This little canary in recent years has taken off in the UK and is in the process of being recognized at the world show. It is amazing that the Irish Fancy canary in its short existence has come a long way and long may it last.
The Irish Fancy canary originally started out as the Roller canary around 1974 and for many years they were known as Irish Rollers. They are now known as the Irish Fancy canary as over many years of selective breeding they have developed to the modern day Irish Fancy. In those early years the Irish fancy was show as a "type" canary along the east coast of Ireland, particularly in the town of Wexford. As the breed progressed its popularity spread all over Ireland
One of the most popular of all the canaries, the Color Bred Canary is kept by people throughout the world. It is a wonderful little bird for both those who wish to keep a pet canary as well as those who specialize in showing. It is not only beautiful, but active and entertaining. This delightful little bird is quite hardy and very easy to keep. However they are not easy to breed, so will need a more advanced keeper for this purpose.

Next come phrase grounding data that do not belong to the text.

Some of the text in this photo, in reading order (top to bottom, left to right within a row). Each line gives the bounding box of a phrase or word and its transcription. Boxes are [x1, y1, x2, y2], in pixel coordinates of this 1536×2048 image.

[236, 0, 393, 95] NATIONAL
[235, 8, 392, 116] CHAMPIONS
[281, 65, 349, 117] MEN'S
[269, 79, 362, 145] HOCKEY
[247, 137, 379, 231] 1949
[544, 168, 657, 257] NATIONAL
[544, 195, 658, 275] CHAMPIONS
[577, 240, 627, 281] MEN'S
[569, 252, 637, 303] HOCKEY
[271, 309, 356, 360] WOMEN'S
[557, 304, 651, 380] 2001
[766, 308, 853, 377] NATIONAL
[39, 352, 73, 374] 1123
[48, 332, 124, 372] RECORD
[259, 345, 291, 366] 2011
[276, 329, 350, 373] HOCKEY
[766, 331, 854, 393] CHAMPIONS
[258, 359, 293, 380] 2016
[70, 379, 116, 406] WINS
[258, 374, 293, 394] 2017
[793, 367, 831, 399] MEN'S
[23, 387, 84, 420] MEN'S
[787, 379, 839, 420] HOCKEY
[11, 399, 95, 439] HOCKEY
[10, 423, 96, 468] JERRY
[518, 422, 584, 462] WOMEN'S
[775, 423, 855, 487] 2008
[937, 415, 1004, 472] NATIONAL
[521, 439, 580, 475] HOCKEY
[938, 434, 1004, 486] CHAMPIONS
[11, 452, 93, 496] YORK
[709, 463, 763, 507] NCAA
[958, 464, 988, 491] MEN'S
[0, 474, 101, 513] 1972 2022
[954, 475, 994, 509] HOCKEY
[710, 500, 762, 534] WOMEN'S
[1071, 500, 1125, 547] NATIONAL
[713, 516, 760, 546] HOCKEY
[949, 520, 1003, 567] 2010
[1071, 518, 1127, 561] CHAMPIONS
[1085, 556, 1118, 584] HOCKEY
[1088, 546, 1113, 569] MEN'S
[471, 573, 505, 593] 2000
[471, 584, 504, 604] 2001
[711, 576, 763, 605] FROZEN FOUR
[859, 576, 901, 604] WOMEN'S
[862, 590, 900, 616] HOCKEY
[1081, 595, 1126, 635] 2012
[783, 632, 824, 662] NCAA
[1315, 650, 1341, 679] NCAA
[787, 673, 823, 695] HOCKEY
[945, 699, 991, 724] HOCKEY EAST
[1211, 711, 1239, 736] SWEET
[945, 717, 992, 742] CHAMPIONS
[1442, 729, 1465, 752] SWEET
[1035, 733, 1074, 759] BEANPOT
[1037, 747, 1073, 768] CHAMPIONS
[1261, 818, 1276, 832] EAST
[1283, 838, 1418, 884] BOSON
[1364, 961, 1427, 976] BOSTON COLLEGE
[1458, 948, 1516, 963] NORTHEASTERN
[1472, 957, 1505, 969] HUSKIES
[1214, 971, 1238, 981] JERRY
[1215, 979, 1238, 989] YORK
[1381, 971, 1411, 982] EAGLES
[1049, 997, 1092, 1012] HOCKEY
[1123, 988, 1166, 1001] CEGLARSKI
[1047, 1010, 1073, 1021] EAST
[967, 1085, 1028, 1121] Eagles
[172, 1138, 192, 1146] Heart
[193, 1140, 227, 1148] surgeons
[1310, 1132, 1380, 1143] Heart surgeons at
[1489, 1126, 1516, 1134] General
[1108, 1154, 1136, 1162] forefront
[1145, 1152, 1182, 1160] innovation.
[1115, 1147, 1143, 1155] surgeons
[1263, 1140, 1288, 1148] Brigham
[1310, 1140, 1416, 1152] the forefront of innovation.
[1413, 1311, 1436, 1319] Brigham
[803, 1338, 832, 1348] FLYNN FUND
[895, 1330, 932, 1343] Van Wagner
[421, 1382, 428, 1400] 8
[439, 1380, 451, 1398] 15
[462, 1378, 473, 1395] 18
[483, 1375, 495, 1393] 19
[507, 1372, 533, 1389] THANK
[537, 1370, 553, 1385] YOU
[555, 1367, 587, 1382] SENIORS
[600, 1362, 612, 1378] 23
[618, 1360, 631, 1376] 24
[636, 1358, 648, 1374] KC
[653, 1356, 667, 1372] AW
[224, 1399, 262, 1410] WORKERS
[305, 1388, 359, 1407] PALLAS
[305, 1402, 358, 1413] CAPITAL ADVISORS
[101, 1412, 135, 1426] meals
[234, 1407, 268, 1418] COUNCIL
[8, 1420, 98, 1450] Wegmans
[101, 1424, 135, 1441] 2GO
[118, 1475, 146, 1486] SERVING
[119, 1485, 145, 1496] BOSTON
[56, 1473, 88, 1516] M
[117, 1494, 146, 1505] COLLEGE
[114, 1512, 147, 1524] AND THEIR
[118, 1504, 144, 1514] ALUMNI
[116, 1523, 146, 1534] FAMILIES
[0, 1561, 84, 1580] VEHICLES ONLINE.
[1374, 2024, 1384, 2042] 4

The Color Bred Canary is classed as a "color canary", bred for color rather than physical characteristics or song. They are a relatively newer canary variety, as their primary developed started in the early and mid-1900's. Today there are several hundred versions of these birds.
The Belgian Fancy Canary was a most important breed in the historic development of some of the most popular canary varieties available today. Its primary influence was on the development of "frilled" and "position" type breeds. As a "type canary" it is bred for physical appearance rather than color or song. They are categorized as "birds of position" and the body and hump posture form an inverted half moon. Similar birds of position, also bred for this type, include the Scotch Fancy Canary and the Italian Gibber Italicus.
A good Belgian Fancy Canary requires a considerable amount of training to show well. This long thin bird is trained to stand in a hunched over perched position. A bird for a more advanced enthusiast, it is timid and tends to be nervous and high strung. It is also a little harder to breed than most colorbred birds and it is not the best feeder of its young.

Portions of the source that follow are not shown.